As the search for possible survivors continued on Thursday, nine Egyptians suspected of being smugglers were arrested in Greece, after the sinking of a migrant boat off the Greek coast which could have left hundreds dead. A port source told Agence France-Presse that among those arrested was the captain of the boat which capsized before sinking, killing at least 78 people, according to an official report.
According to this source, the fishing boat had left Egypt empty before embarking migrants in Tobruk, a port city in eastern Libya, and had set sail for Italy. The suspects arrested in Kalamata, the port on the Peloponnese peninsula where the survivors were taken, are suspected of “illegal trafficking” in human beings, according to the Greek agency ANA.
The International Organization for Migration (IOM) said it “fears that hundreds more people” have drowned “in one of the most devastating tragedies in the Mediterranean in a decade”. Greek government spokesman Ilias Siakantaris said on Wednesday that unconfirmed reports put 750 people on board the trawler.
Two patrol boats, a navy frigate, three helicopters and nine other ships continued to survey the waters west of the Peloponnese coast, one of the deepest areas in the Mediterranean. The Greek Supreme Court has also ordered an investigation to determine the causes of the tragedy that has shocked Greece, accused for years of turning back migrants seeking asylum in the EU. A three-day national mourning was declared, interrupting the electoral campaign in view of the legislative ballot on June 25.
But some newspapers did not hide their anger at this new tragedy affecting migrants. The center-left daily Efsyn thus displayed in one and six languages ??this simple word: “Shame! “. In Athens and Thessaloniki, Greece’s second city, some 5,000 people took to the streets, police said, carrying slogans such as “The government and the European Union are killing” and “No to Fortress Europe.” Solidarity with Refugees”.

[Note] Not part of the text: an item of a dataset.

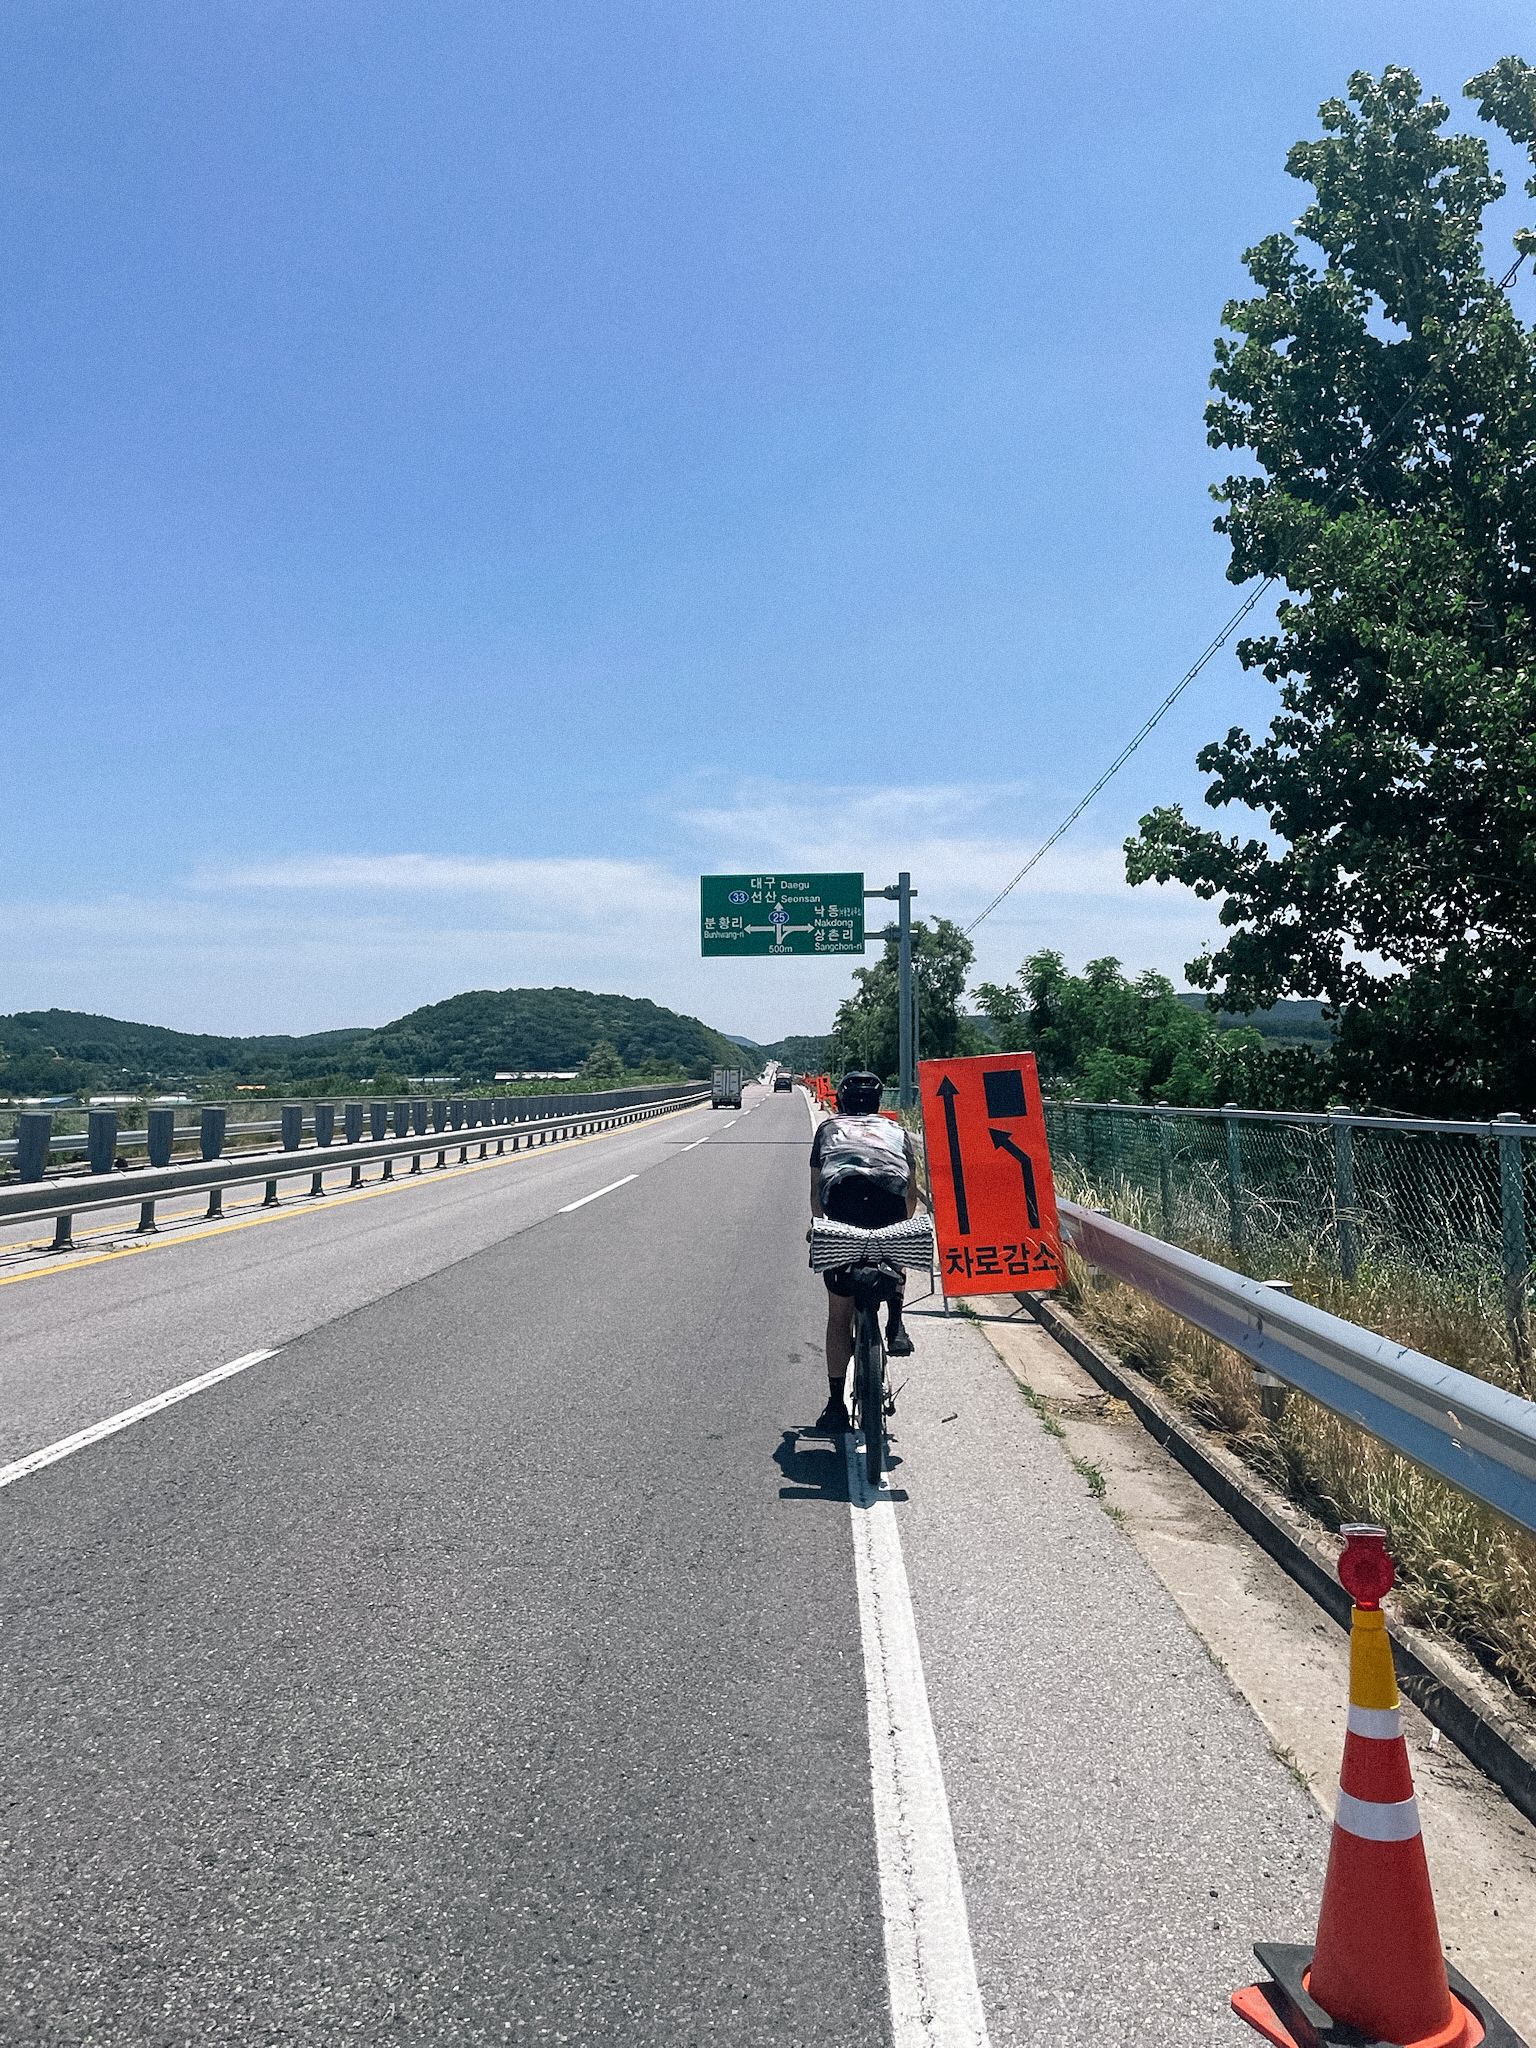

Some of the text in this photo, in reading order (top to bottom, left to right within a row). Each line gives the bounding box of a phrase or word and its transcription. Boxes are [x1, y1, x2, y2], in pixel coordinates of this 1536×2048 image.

In the port of Kalamata, “it’s really horrible,” Erasmia Roumana, a UNHCR worker, told AFP. The survivors are “in a very bad psychological situation […] Many are in shock, they are overwhelmed”. One hundred and four people have been rescued and should soon be transferred to a reception center for migrants in Malakasa, northeast of Athens.
The survivors “are all men,” the Coast Guard spokeswoman said, raising fears that women and children, who usually also board these boats, are among the missing. These survivors are mostly Syrians (47), Egyptians (43), as well as 12 Pakistanis and 2 Palestinians, according to the Greek authorities.
A survivor also told doctors at Kalamata hospital that he had seen around 100 children in the hold of the boat, according to public broadcaster ERT. More than twenty people remain hospitalized in Kalamata, according to the same source.
An image released by the Coast Guard showed a blue trawler, 25-30m long, and obviously in poor condition overloaded with people gathered on the deck from bow to stern and even on the roof of the gangway. According to the Greek port authorities, a surveillance plane from the European agency Frontex had spotted the boat on Tuesday afternoon, but help did not intervene, because the passengers “refused any help”. Frontex did not provide comment. But his boss Hans Leijtens traveled to Kalamata to establish “the role” of the European Border Guard Agency in this “horrific” sinking.
“People on board a drifting boat are not asked if they want help […], immediate help should have been needed,” international maritime incident expert Nikos Spanos told ERT. “The question does not arise whether the boat refuses help […] An overloaded boat is a boat in distress, there is no question of its condition or its ability to continue its course or not “, added Jérôme Tubiana, of Doctors without borders (MSF) on the French public radio France Culture.
The boat capsized 47 nautical miles (87 km) from Pylos in the Ionian Sea, Siakantaris said, sinking in ten to fifteen minutes. According to several officials, the survivors did not have life jackets.